● **REQUIREMENT**
Omit every picture and write out the rest of the records exactly.

● **DATA SHOWN**
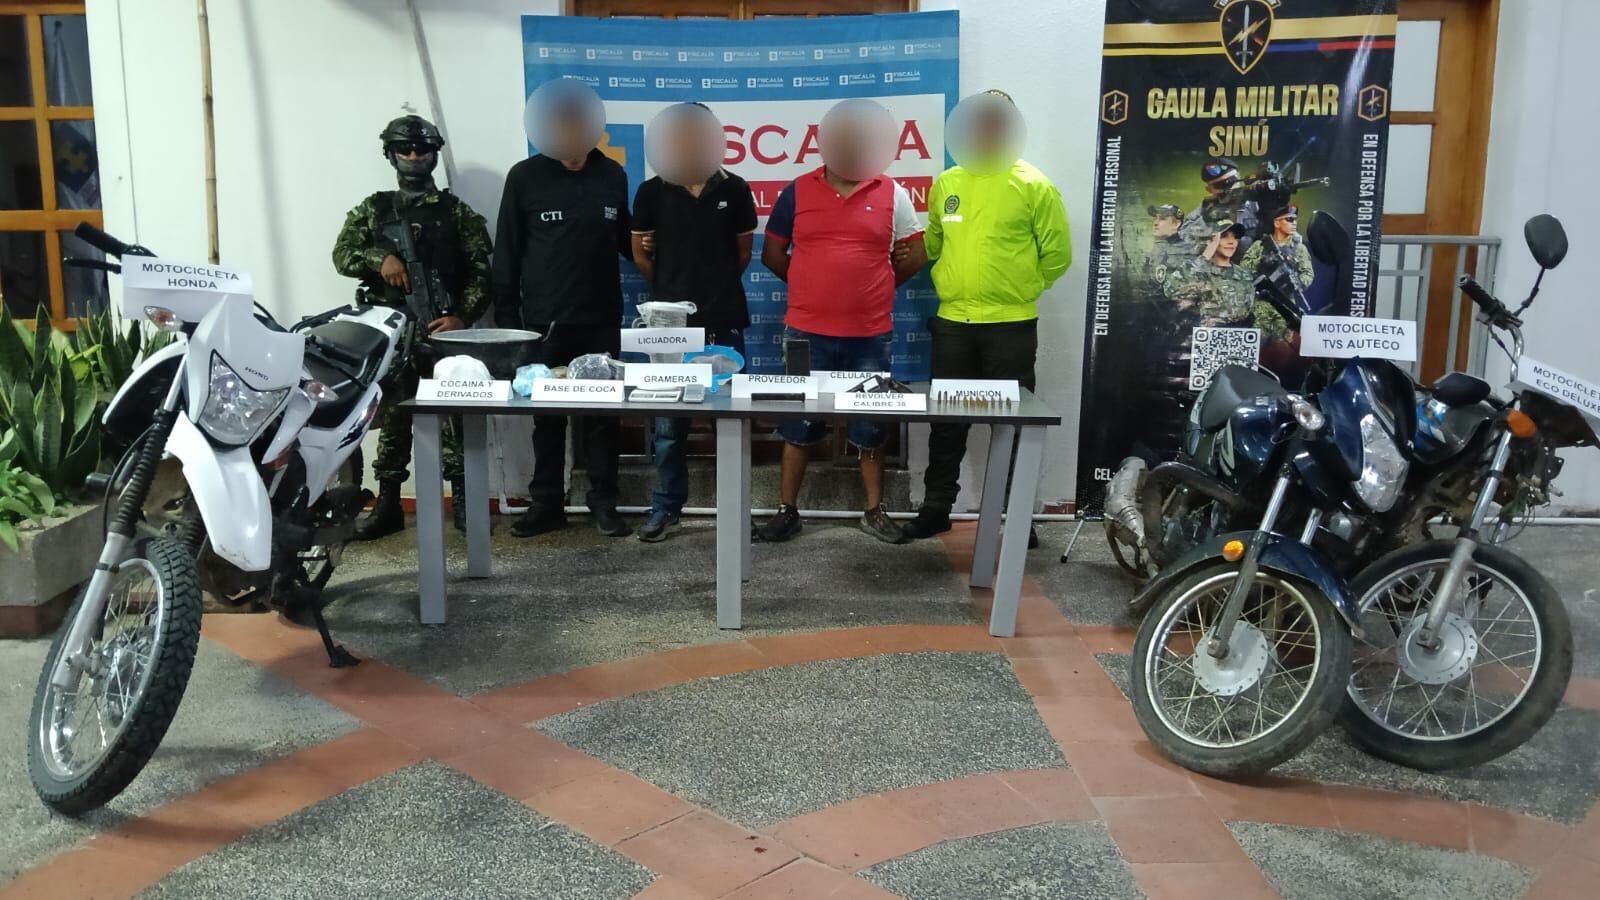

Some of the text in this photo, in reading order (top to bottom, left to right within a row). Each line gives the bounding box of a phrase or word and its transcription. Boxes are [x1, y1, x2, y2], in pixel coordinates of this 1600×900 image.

[1146, 84, 1339, 119] GAULA MILITAR
[1208, 118, 1269, 157] SINÚ
[540, 210, 563, 222] CTI
[1350, 133, 1378, 317] EN DEFENSA POR LA LIBERTAD PERS
[1094, 135, 1122, 336] EN DEFENSA POR LA LIBERTAD PERSONAL
[142, 263, 240, 281] MOTOCICLETA
[167, 278, 217, 289] HONDA
[1318, 323, 1405, 336] MOTOCICLETA
[637, 336, 688, 345] LICUADORA
[1322, 339, 1400, 350] TVS AUTECO
[643, 374, 697, 384] GRAMERAS
[748, 374, 807, 385] PROVEEDOR
[830, 371, 872, 379] CELULAR
[440, 379, 494, 388] COCAINA Y
[1533, 365, 1600, 400] MOTOCICLET
[1536, 378, 1560, 394] ECO
[436, 390, 494, 399] DERIVADOS
[543, 384, 617, 394] BASE DE COCA
[955, 389, 1001, 398] MUNICION

● **RESPONSE TO THE TASK**
Some of the text in this photo, in reading order (top to bottom, left to right within a row). Each line gives the bounding box of a phrase or word and its transcription. Boxes are [x1, y1, x2, y2], in pixel coordinates of this 1600×900 image.

[1146, 84, 1339, 119] GAULA MILITAR
[1208, 118, 1269, 157] SINÚ
[540, 210, 563, 222] CTI
[1350, 133, 1378, 317] EN DEFENSA POR LA LIBERTAD PERS
[1094, 135, 1122, 336] EN DEFENSA POR LA LIBERTAD PERSONAL
[142, 263, 240, 281] MOTOCICLETA
[167, 278, 217, 289] HONDA
[1318, 323, 1405, 336] MOTOCICLETA
[637, 336, 688, 345] LICUADORA
[1322, 339, 1400, 350] TVS AUTECO
[643, 374, 697, 384] GRAMERAS
[748, 374, 807, 385] PROVEEDOR
[830, 371, 872, 379] CELULAR
[440, 379, 494, 388] COCAINA Y
[1533, 365, 1600, 400] MOTOCICLET
[1536, 378, 1560, 394] ECO
[436, 390, 494, 399] DERIVADOS
[543, 384, 617, 394] BASE DE COCA
[955, 389, 1001, 398] MUNICION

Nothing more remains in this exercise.